Perjalanan tidak sesuai perkiraan. Shalat magrib yang tadinya direncanakan di Athirah berubah menjadi masjid di pinggir jalan yang aku tidak tahu namanya. Setelah shalat, kembali kami menaiki pete-pete kosong lima. Mentok di ujung, aku dan kak Ina stop. Menyeberangi jalan di malam hari, hanya berdua, dengan suasana yang tidak begitu ramai sedikit menakutkan. Mencari Sekolah Athirah melalui panduan telpon dari seberang oleh kak Isma membuat kami akhirnya bisa bernapas lega saat tanda-tanda keberadaan Athirah sudah nampak. Masuk ke area sekolah dan menuju aula. Sebelumnya aku dan kak Ina menengok ke belakang saat menaiki tangga. Tampak seseorang yang kami curigai Taufik Ismail. Banyak yang mengiringinya saat menaiki tangga. Aku dan kak Ina begitu excited. Wahh. Akhirnya. Orang yang sangat ingin kita temui sudah di depan mata. Lalu tiba-tiba saat berada di dekat meja registrasi, seseorang memberi arahan pada sosok lelaki tua itu.
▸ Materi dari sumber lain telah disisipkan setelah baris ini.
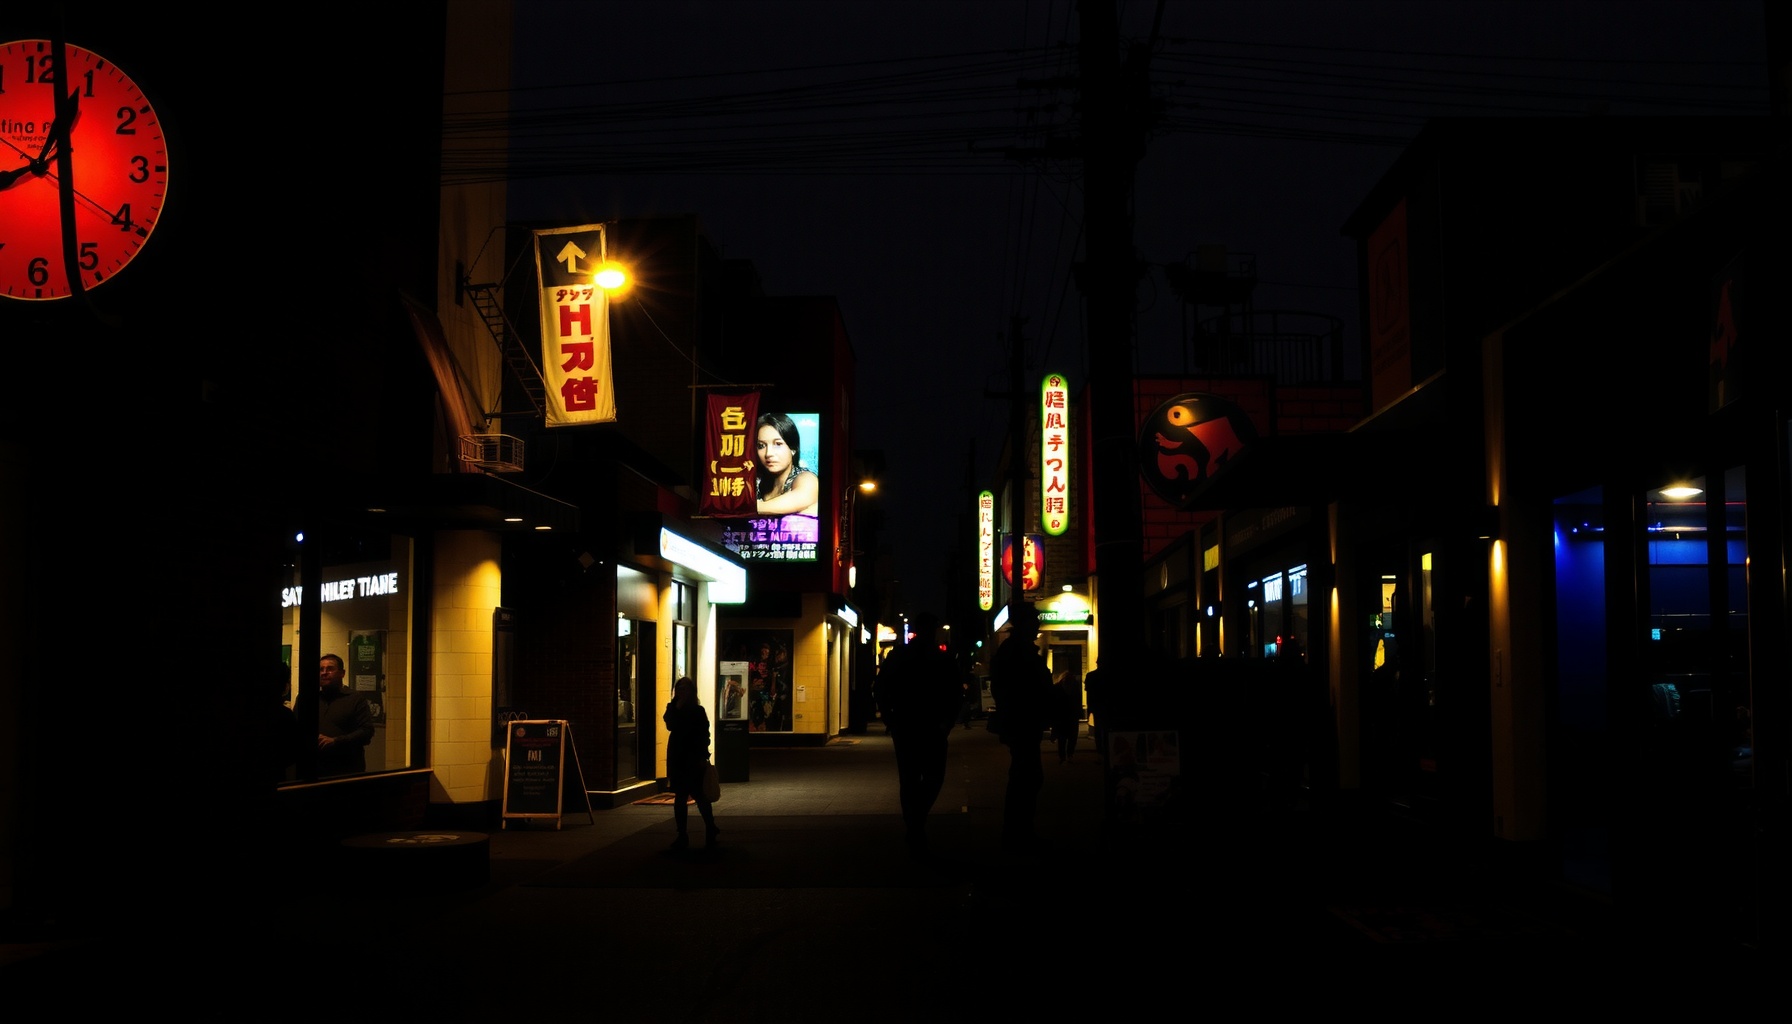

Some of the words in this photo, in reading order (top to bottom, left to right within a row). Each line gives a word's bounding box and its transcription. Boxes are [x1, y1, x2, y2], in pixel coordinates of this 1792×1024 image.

[25, 55, 54, 83] 12
[83, 69, 95, 97] 1
[116, 106, 137, 135] 2
[128, 156, 150, 183] 3
[111, 203, 133, 232] 4
[79, 242, 99, 271] 5
[27, 257, 49, 286] 6
“Silahkan isi buku registrasi.”

Sontak aku dan kak Ina kembali bersitatap. Appahh?? Isi buku registrasi? Masa ia pak Taufik yang diundang sebagai tokoh besar mala mini disuruh isi buku registrasi.

Tawa pun pecah dari kami berdua. Hahhah. Bukan dia orang yang kita maksud. Memang tadi wajahnya kelihatan samar karena agak gelap di tangga itu. Ternyata dia Taufik Ismail KW 5. Sama sekali tidak ada mirip-miripnya. Hanya karena respon orang-orang di sana yang menurut kami terlalu berlebihan membuat kami mengira seperti itu.

Kami berdua lanjut ke meja registrasi untuk mengambil kupon makanan. Di sanalah muncul wajah-wajah yang rasanya sangat dekat. Memang sangat dekat. Kawan-kawan FLP, we’re coming setelah melaui perjalanan panjang seorang diri (meski kami berdua, kami merasa sendiri karena kalian meninggalkan kami). Tapi sudahlah. Kalian tidak perlu merasa bersalah. Memang kami yang terlambat sampai membuat kalian harus berangkat duluan.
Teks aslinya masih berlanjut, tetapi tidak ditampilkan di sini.